April 30, 2016 08:13
One in six men is likely to have a hard time finding a wife this year as the gender ratio for singles of marriageable age is worsening, according to a study by the Chosun Ilbo.
The ratio of the male and female populations in Korea at first marriage age -- 28-35 for men and 26-33 for women -- is the worst ever.
The population of men born between 1981 and 1988 is 14.5 percent or 370,000 higher than of women born between 1983 and 1990.
The gap is largely attributed to the preference for boys that was prevalent only until recently.
The number of marriages per 1,000 population has been declining for the past three years, coupled with a drop in the marrying population in their 20s and 30s and rising youth unemployment.
The gender ratio is expected to worsen until 2018 and stabilize somewhat between 2019 to 2024, then worsen again from 2025 to 2037, when there will be over 10 percent more men at first marriage age than women.
◆ Preference for Boys
The reason is that the traditional preference for male heirs was compounded by rampant abortions of female fetuses once ultrasound technology became available in the late 1980s.
An average of 30,000 female fetuses were aborted each year.
This preference has had the boomerang effect of increased competition among men in the job market, high unemployment among young men and a low birthrate.
According to UN statistics, the sex ratio in Korea or number of baby boys for every 100 baby girls stood at 107 from 1950 to 1984 compared to the world average of 106. But it jumped to 114 from 1985 to 1995, making the nation the first in the world where over 10 percent more boys than girls were born.
Prof. Kim Han-gon of Yeungnam University said, "The government's aggressive pursuit of family planning backfired because abortions of baby girls became rampant."
Korea's sex ratio has now dropped back to 105.
That means the shortage of brides will stabilize for about six years after 2019 but worsen again starting in 2025. During 2030 to 2033, when the millennials reach first marriage age, there will be 20 percent more marriageable men than women, so one in five men could end up failing to find a spouse.

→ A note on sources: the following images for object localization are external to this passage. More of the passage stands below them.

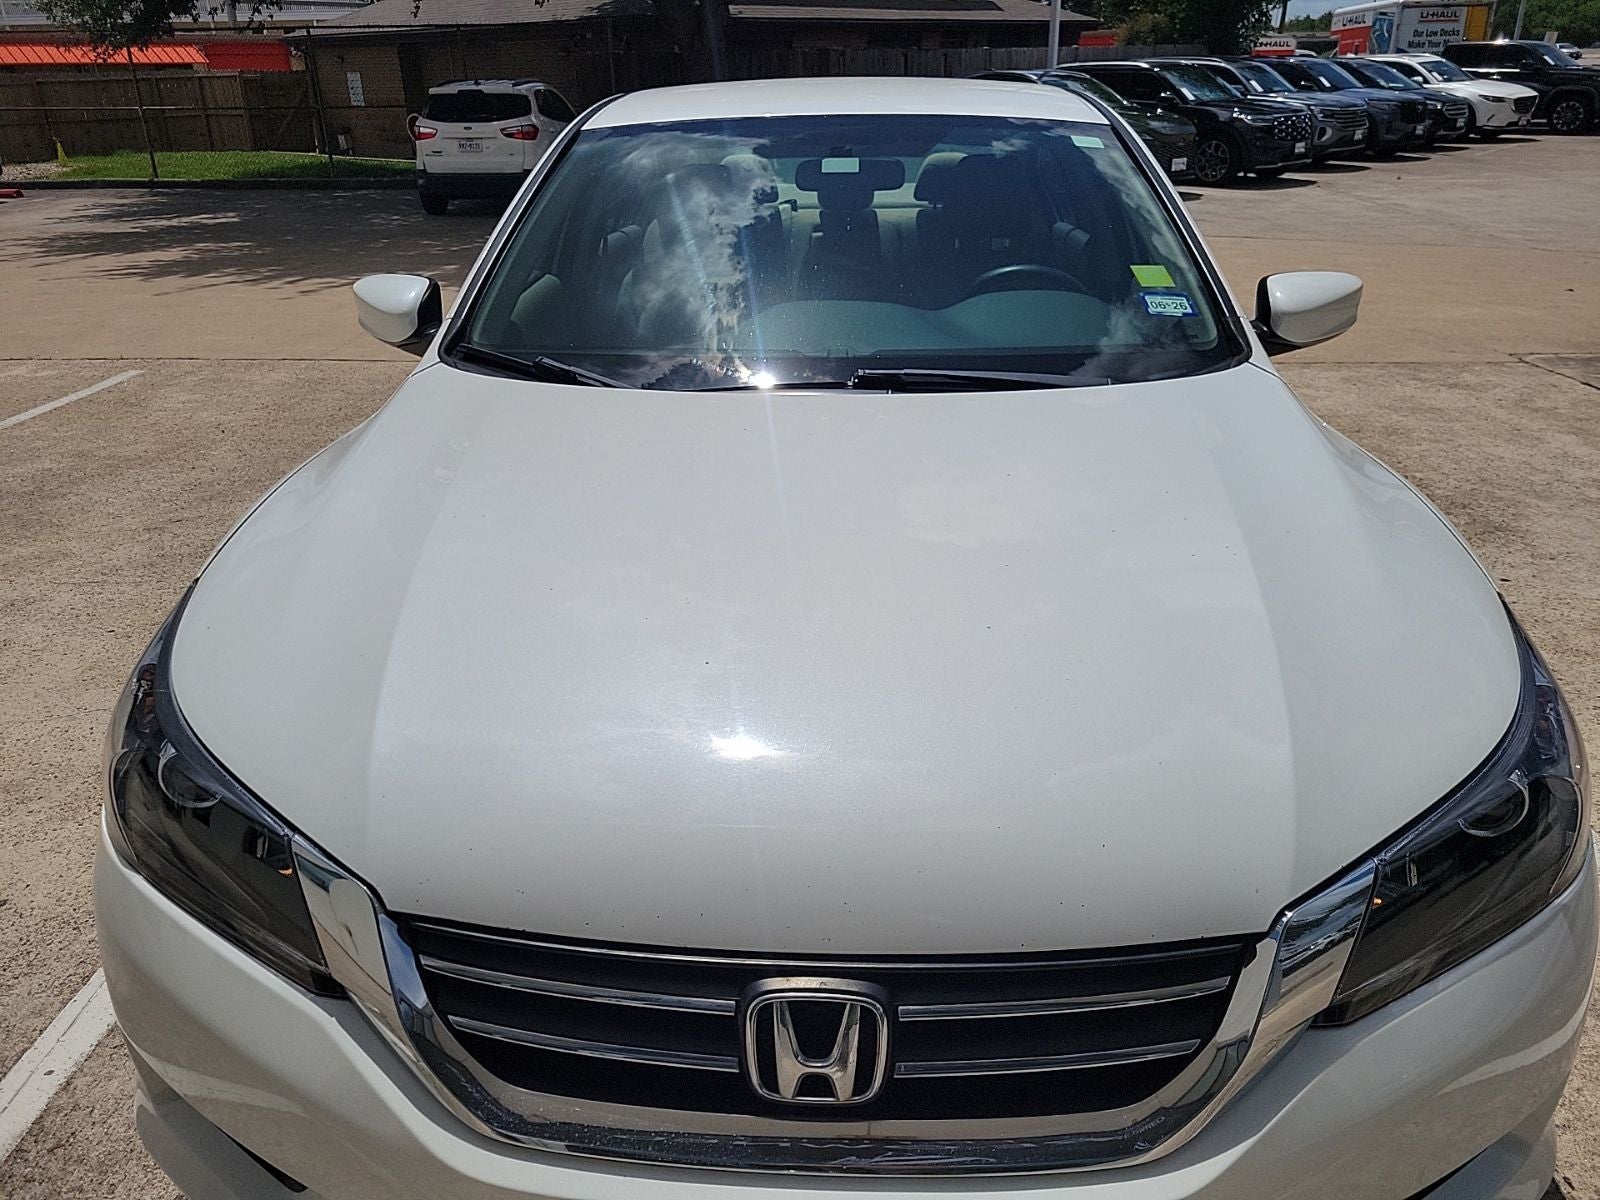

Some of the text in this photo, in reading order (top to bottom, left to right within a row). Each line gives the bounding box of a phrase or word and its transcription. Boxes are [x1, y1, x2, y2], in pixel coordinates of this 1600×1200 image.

[1420, 10, 1459, 19] U-HAUL
[1342, 14, 1367, 27] U-HAUL
[1412, 28, 1460, 38] Our Low Decks
[1407, 40, 1426, 49] Make
[1427, 40, 1442, 48] Your

The number of couples where the bride is older than the groom is also expected to rise steeply.
◆ Negative Repercussions
Experts say a recent surge in sexism in Korean society is influenced largely by this imbalance. In other words, men who are unable to find a girlfriend or wife grow frustrated and vent against women.
Another problem is the rising number of undereducated and poorly paid men having a hard time finding brides. International marriages, which declined from around 30,000 a year to some 10,000, are expected to increase again.
"Men who fail to find female mates often grow more violent, and this may lead to a rise in sexual assaults," Cho Yong-tae at Seoul National University said.